[First of all, I’d like to enlist everyone’s support in identifying a possible Trojan horse virus on my website. I was alerted by one of my readers, as well as a directory website, that such a virus had been detected. I believe I found and deleted the infection; at the same time I changed all my passwords. Going forward, if you get a warning from your anti-virus software that my site contains a threat, please send me an email at once, and tell me exactly the threat message you received. Thanks.]
Because chemical imbalance and cognitive-behavioral theories dominate my profession, any approach that addresses unconscious sources of anger receives virtually no attention. For example, I was reviewing this brochure about anger management techniques on the official website of the American Psychological Association; it repeats the familiar CBT methods for defusing anger or learning appropriate ways to express it, but says nothing about the kind of anger that might be numbered among the defense mechanisms— that is, anger whose role is to ward off some other, more threatening experience.

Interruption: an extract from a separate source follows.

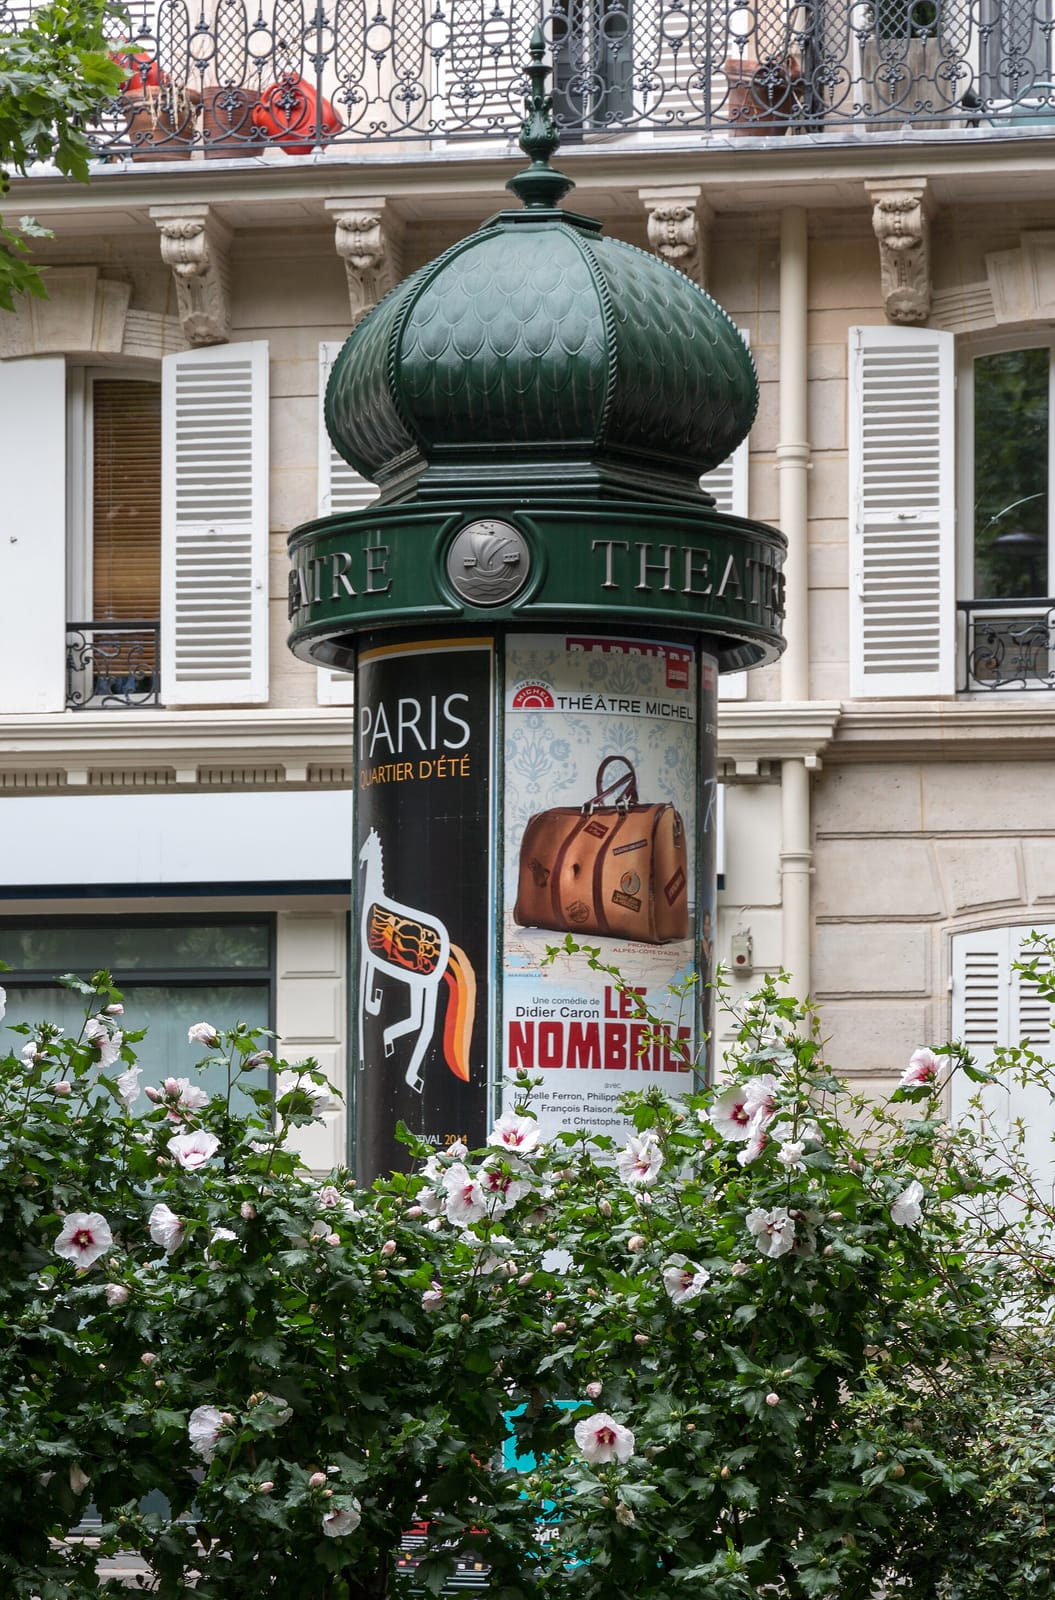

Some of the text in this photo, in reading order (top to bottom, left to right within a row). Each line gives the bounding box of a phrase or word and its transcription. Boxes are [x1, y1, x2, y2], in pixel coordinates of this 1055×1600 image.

In an early post about disintegration anxiety, I described a client who would become enraged whenever she felt in danger of falling apart. She described herself as a drowning kitten: on an unconscious level, whenever she felt overwhelmed by her emotions, in danger of disintegrating under their pressure — quite literally, on a felt physical level — she often became explosively angry, lashing out and “clawing” at her partner in a way that held her together psychically. This is an extreme version of a process that many of us go through, where anger is secondary, a way of escaping some other emotion.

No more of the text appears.